Abstract
Analysing and predicting dynamics of stochastic transport systems is paramount in fields including chemistry, physics and finance. A major component of these systems is diffusion; a transport process whereby particles move from a region of high concentration to a region of low concentration. Incorporating non-Markovian behaviour, as many real systems do, may lead to subdiffusion.
A widely used model of diffusion is a continuous time random walk, which involves separate jump and waiting time densities. A waiting time density with a finite mean leads to standard diffusion whilst a density where the mean diverges leads to subdiffusion. Additional processes such as reactions and forcing for single and multiple species can be readily incorporated.
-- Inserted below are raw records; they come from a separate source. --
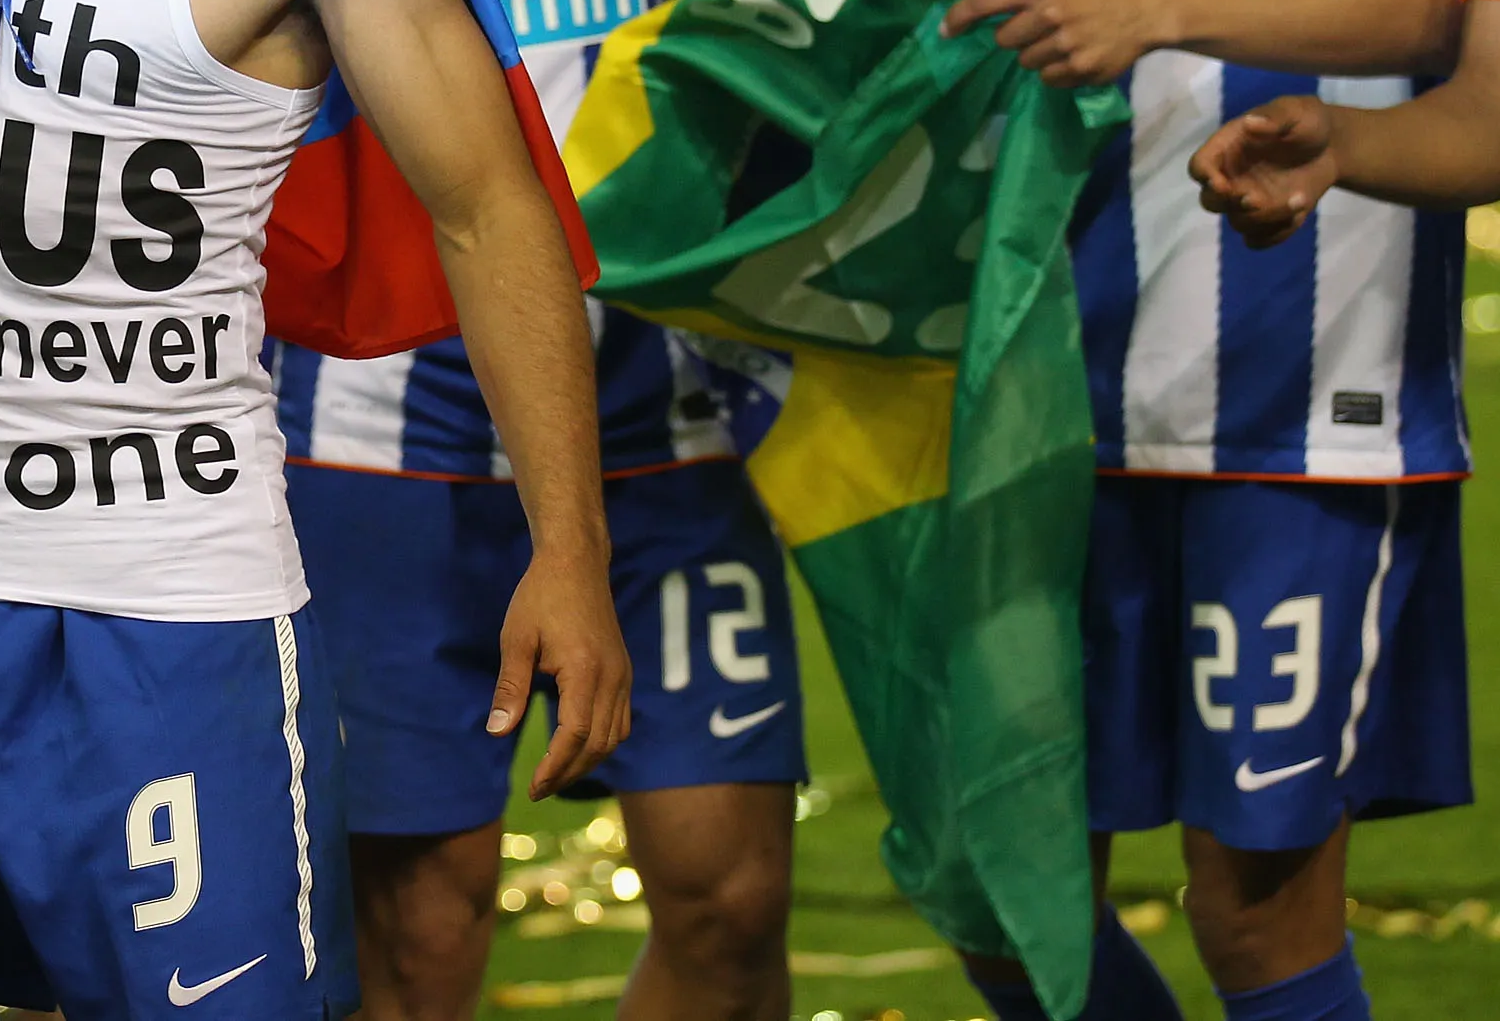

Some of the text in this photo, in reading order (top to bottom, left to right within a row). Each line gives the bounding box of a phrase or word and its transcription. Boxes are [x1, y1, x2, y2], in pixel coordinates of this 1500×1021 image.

[661, 561, 771, 692] 12
[1191, 593, 1323, 733] 23
[125, 772, 202, 932] 9
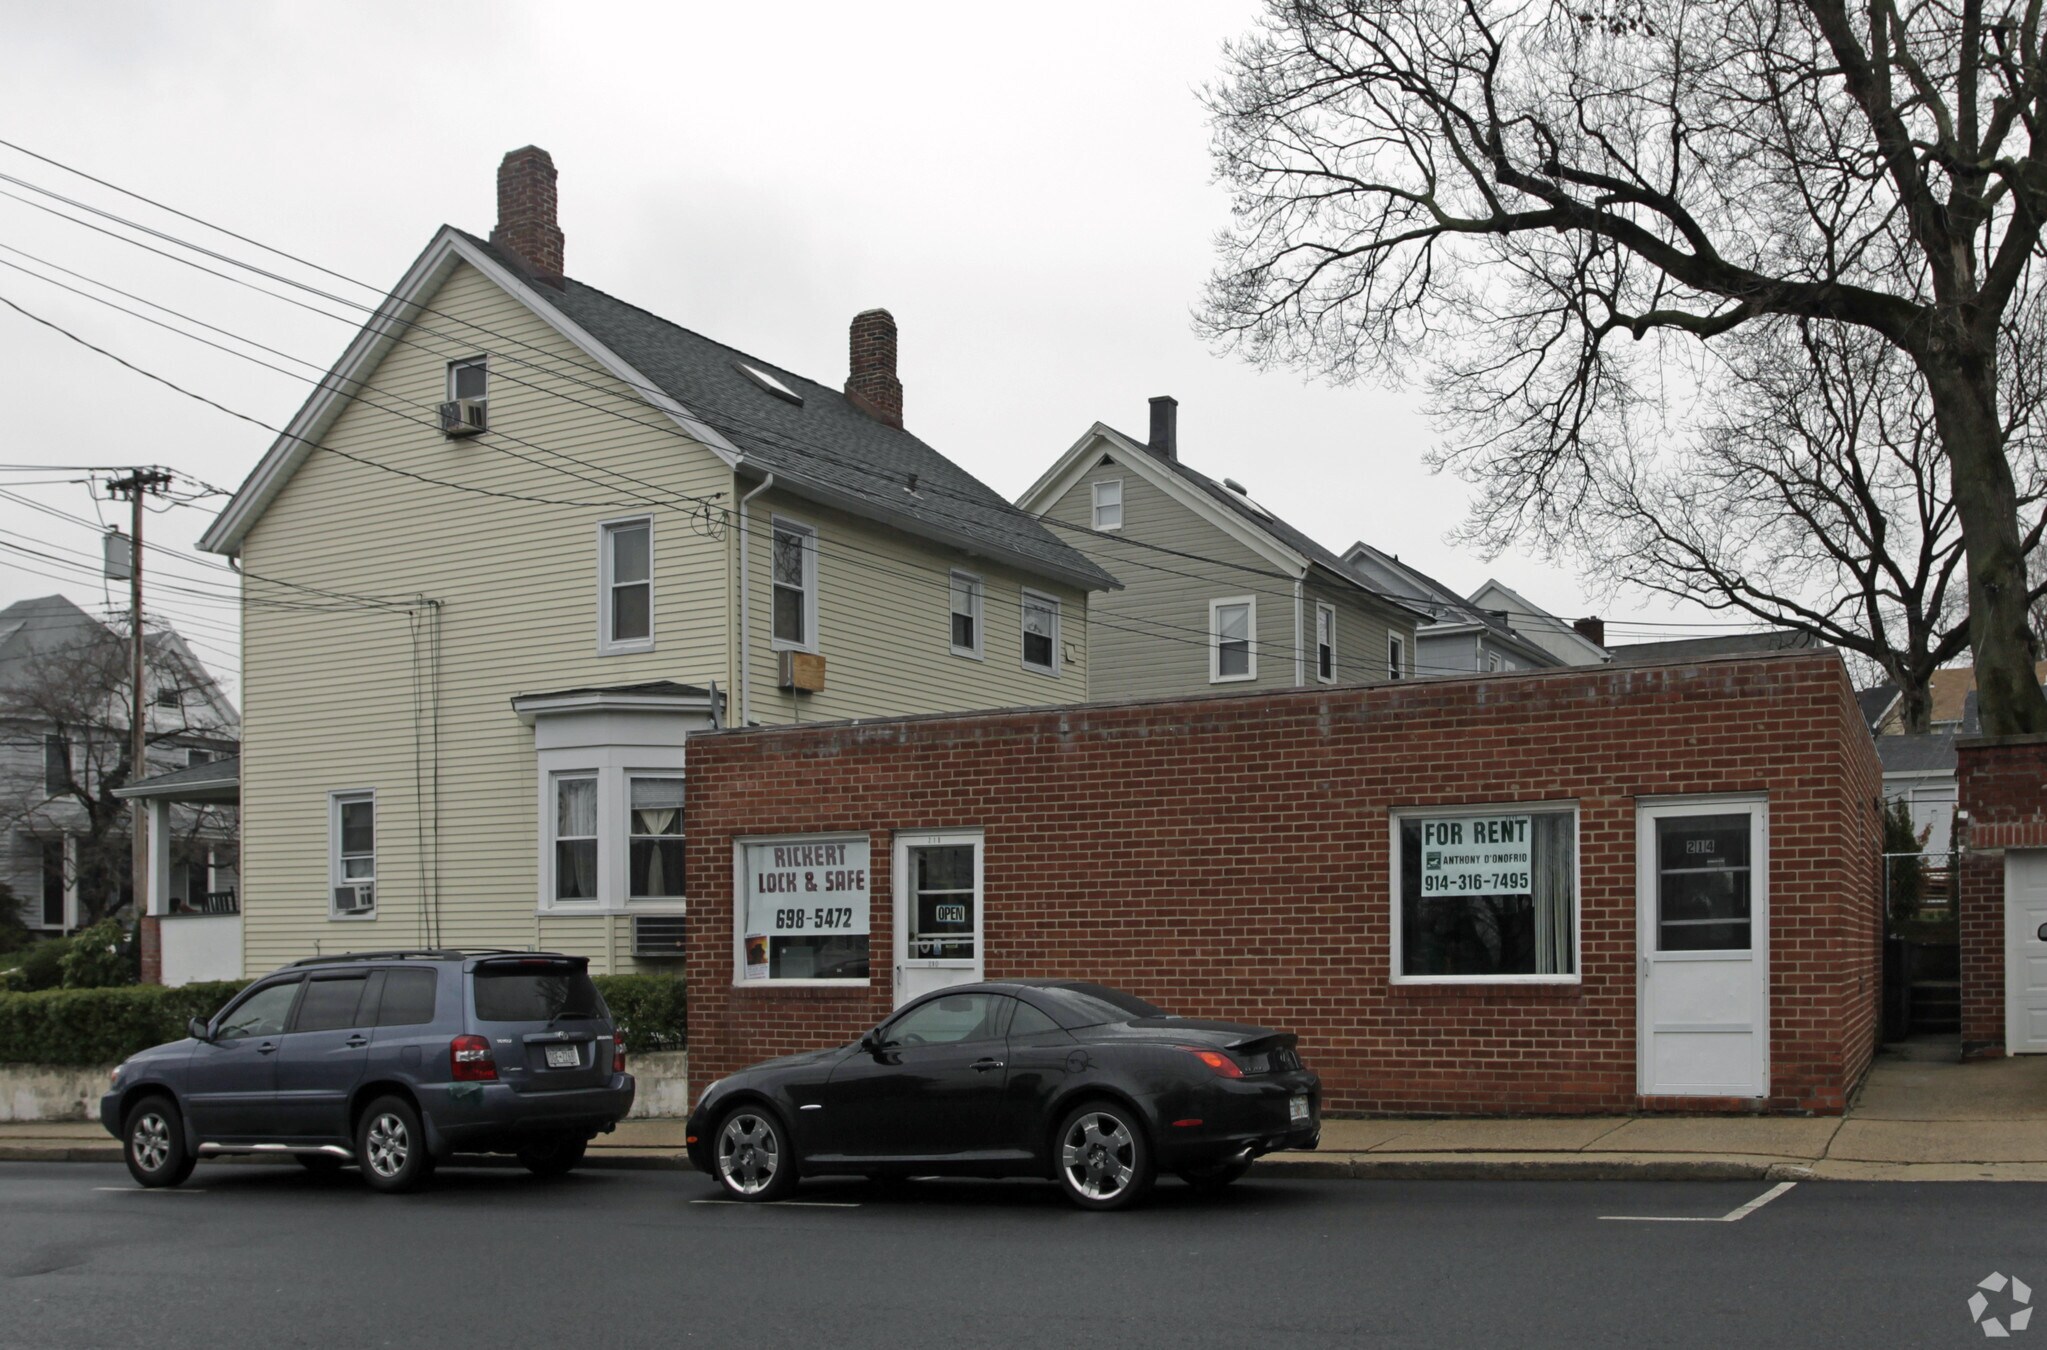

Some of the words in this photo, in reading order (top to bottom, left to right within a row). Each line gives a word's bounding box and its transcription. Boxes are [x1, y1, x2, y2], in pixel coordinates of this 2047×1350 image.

[1425, 822, 1463, 846] FOR
[1474, 819, 1528, 844] RENT
[773, 844, 847, 868] RICKERT
[1686, 840, 1715, 854] 214
[1443, 855, 1481, 865] ANTHONY
[1484, 853, 1528, 864] D'ONOFRIO
[758, 872, 797, 894] LOCK
[804, 871, 818, 892] &
[825, 869, 865, 892] SAFE
[1425, 872, 1529, 891] 914-316-7495
[776, 907, 853, 929] 698-5472
[938, 906, 963, 921] OPEN
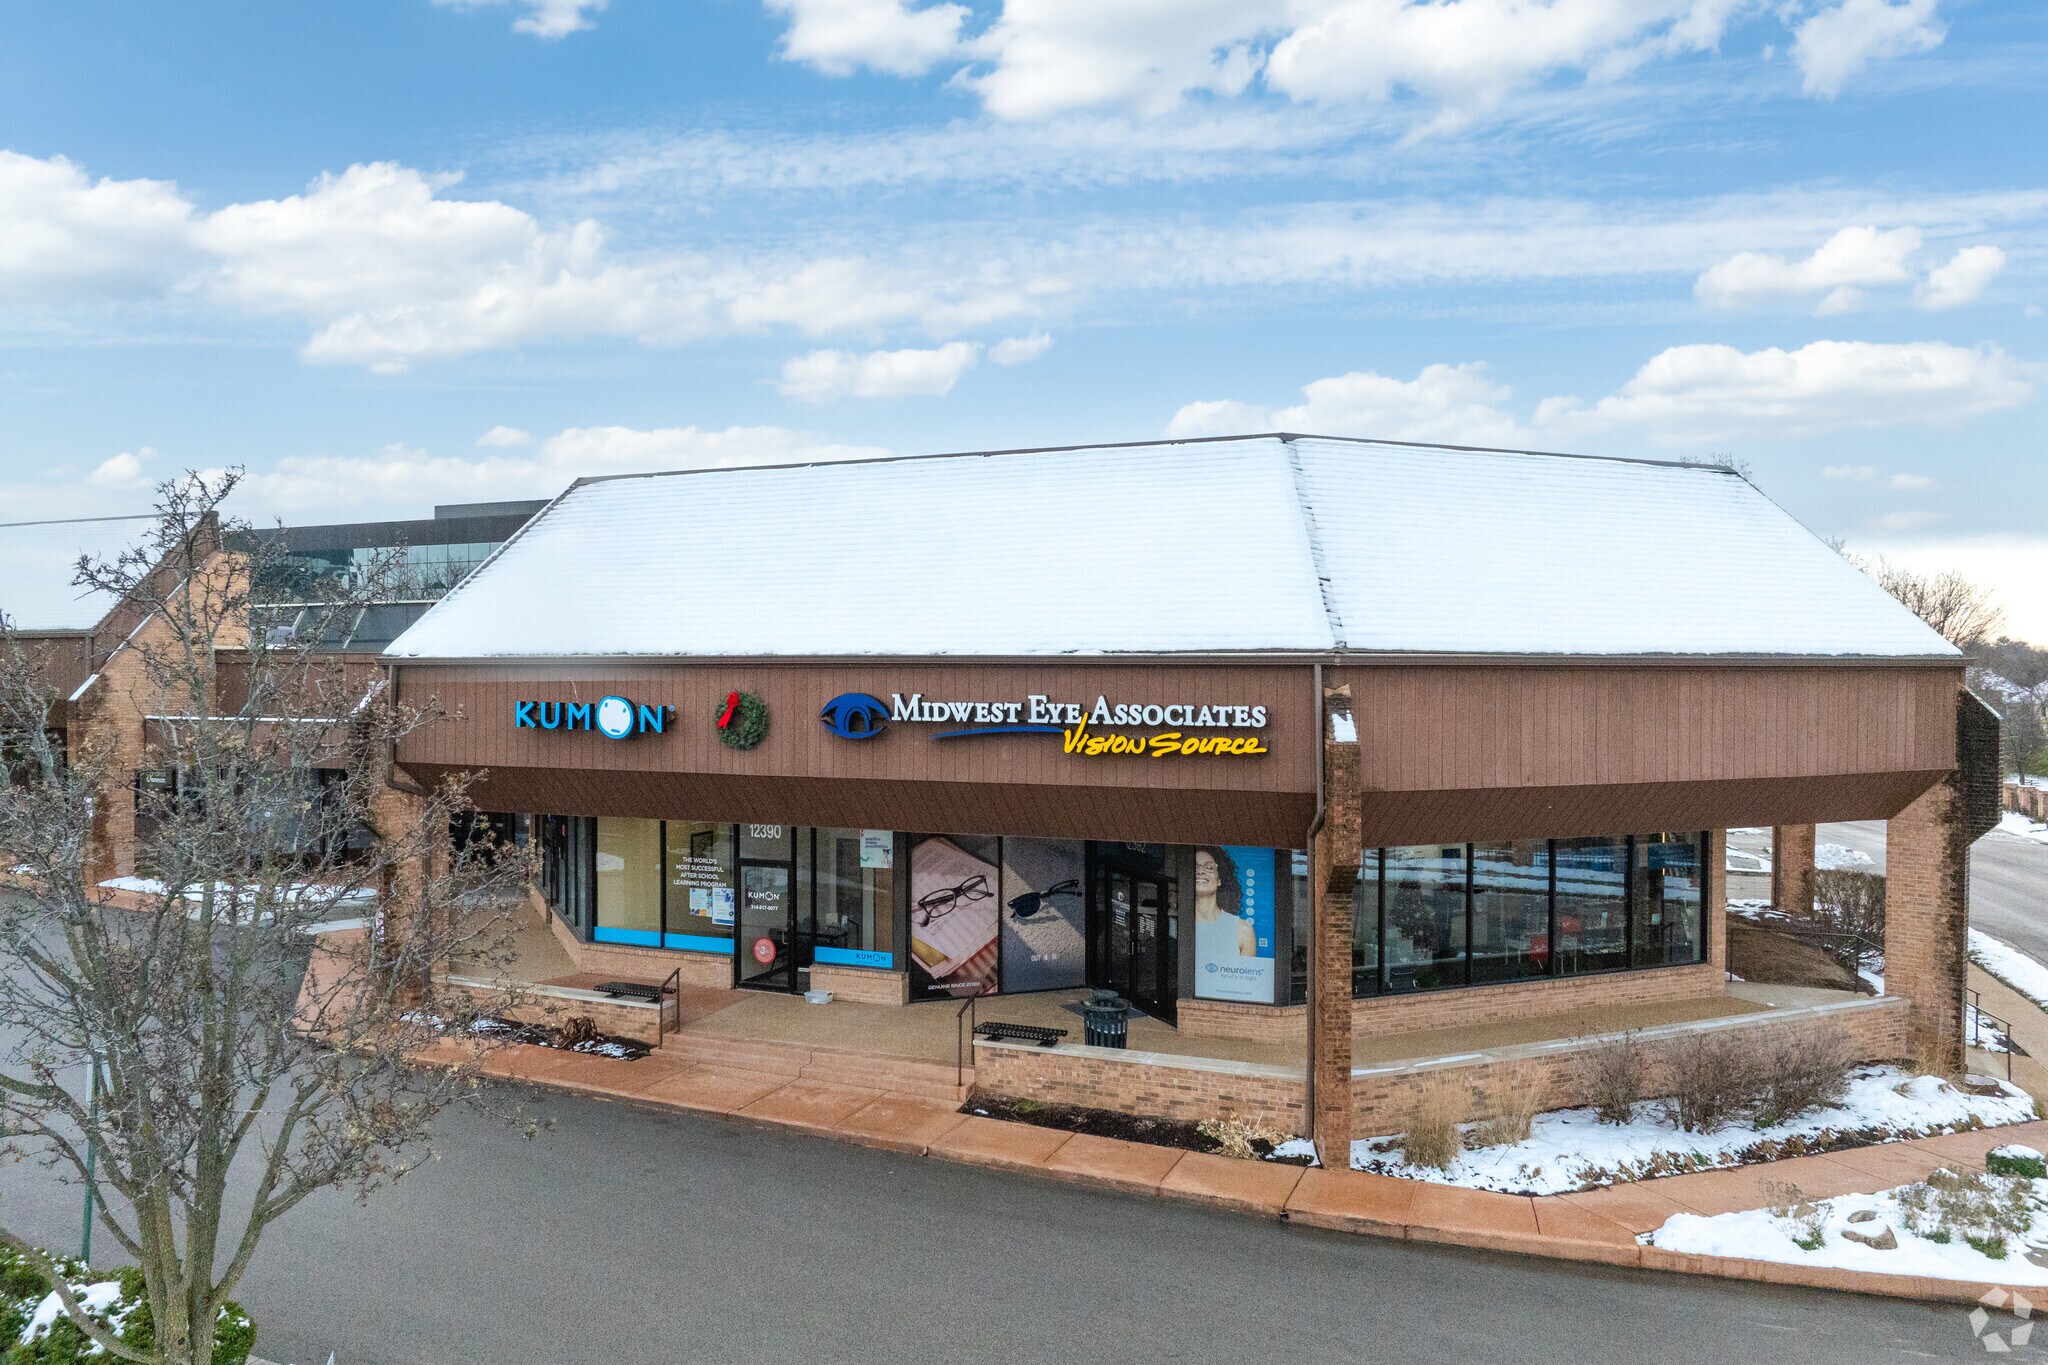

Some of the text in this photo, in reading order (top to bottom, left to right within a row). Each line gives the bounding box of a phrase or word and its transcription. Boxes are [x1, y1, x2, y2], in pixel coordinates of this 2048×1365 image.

[891, 693, 1267, 728] MIDWEST EYE ASSOCIATES
[516, 695, 663, 739] KUMON
[749, 824, 782, 839] 12390
[691, 865, 724, 873] SUCCESSFUL
[698, 872, 720, 880] SCHOOL
[673, 879, 700, 887] LEARNING
[748, 891, 780, 900] KUMON
[856, 952, 886, 963] KUMON
[1220, 966, 1262, 976] neurolens
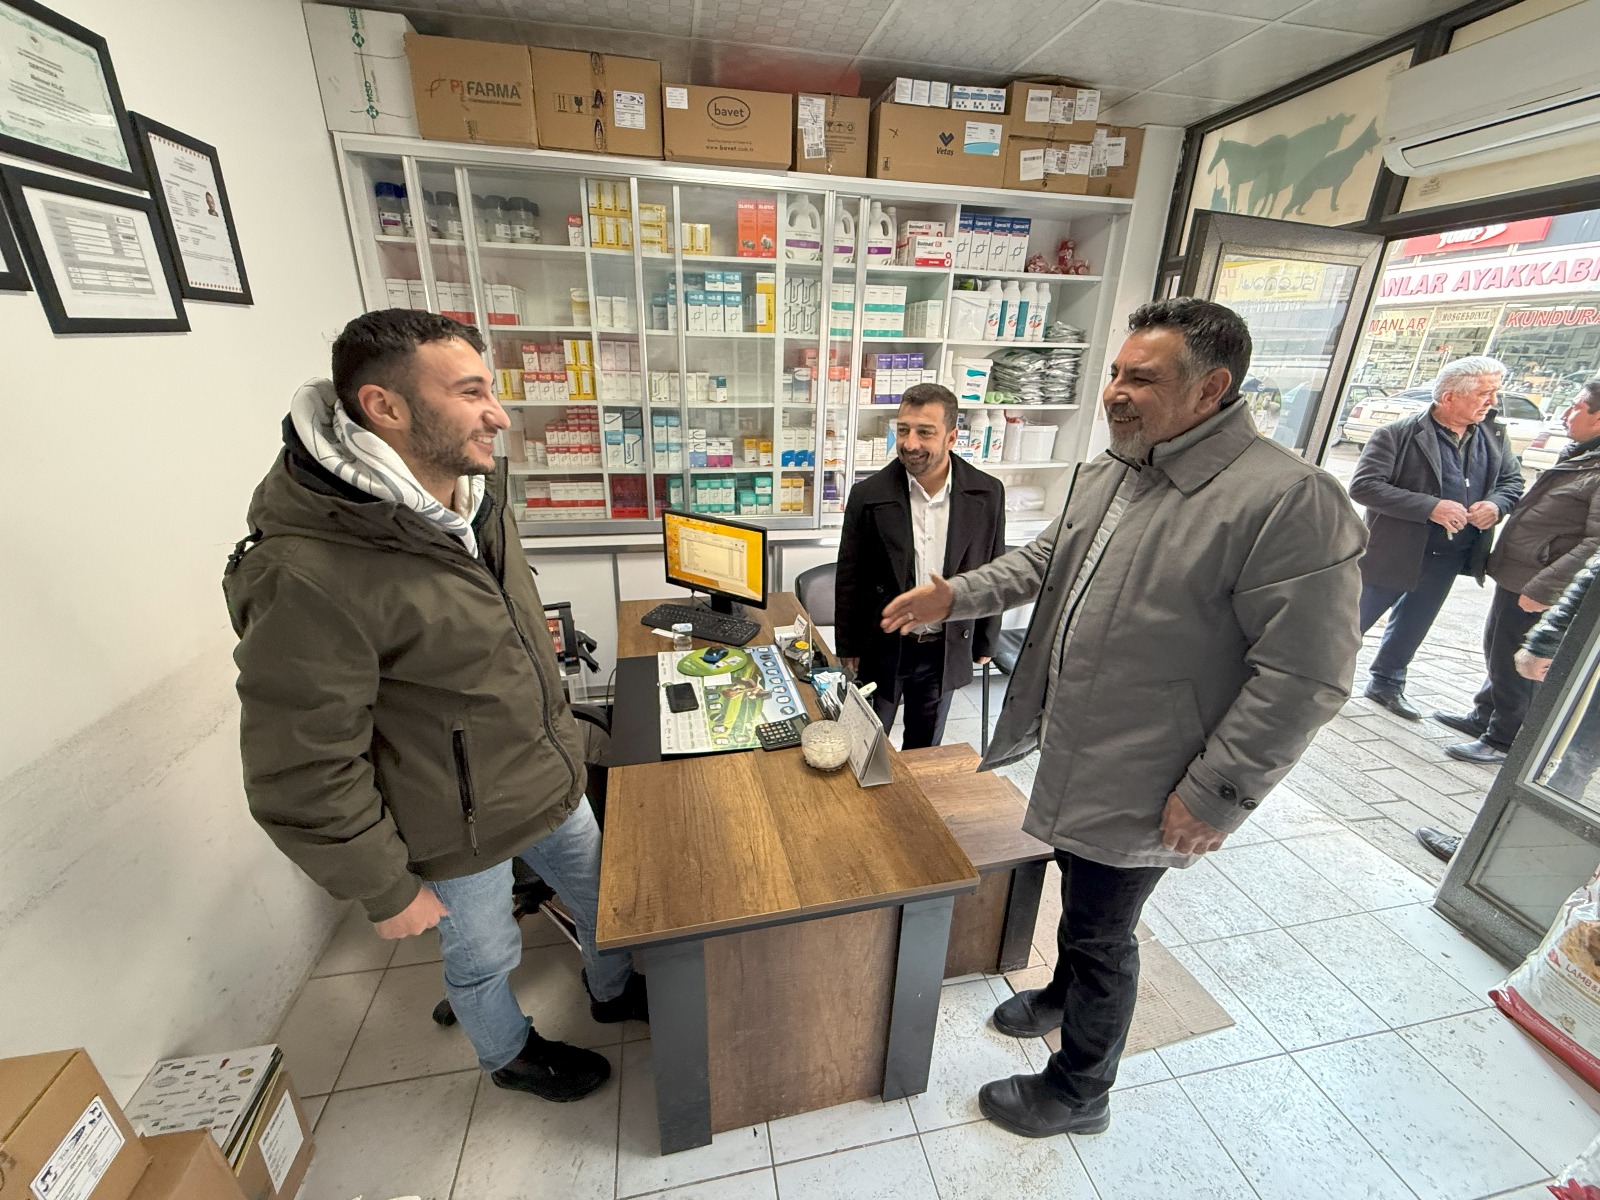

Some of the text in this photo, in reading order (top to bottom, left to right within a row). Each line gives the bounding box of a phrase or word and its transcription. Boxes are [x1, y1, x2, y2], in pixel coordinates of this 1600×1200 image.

[364, 80, 375, 103] MSD
[714, 102, 745, 118] bavet
[1565, 963, 1592, 986] LAMB
In this thesis we review the rich literature of continuous time random walk models of subdiffusion with extensions to reactions and forcing and we put forward a model incorporating all three components. We analyse the behaviour of the continuous time random walk model both in and away from the diffusion limit. This limit corresponds to instantaneous local jumps in a spatial continuum. We then develop a new model of subdiffusion known as the discrete time random walk and highlight beneficial properties including it being an explicit numerical method. Historically continuous time random walks and subdiffusion have been analysed on lattice models of the continuum but we extend this to a generalized network model. We highlight interesting behaviour that arises due to the irregular nature of the topology of many random and real-world networks.
We conclude by considering the relationship of both continuous and discrete time random walks on regular lattices and networks as well as the diffusion limit. We have also included examples of both toy and real systems to guide the reader through technical discussions as well as highlighting the
importance of diffusion in many stochastic transport systems.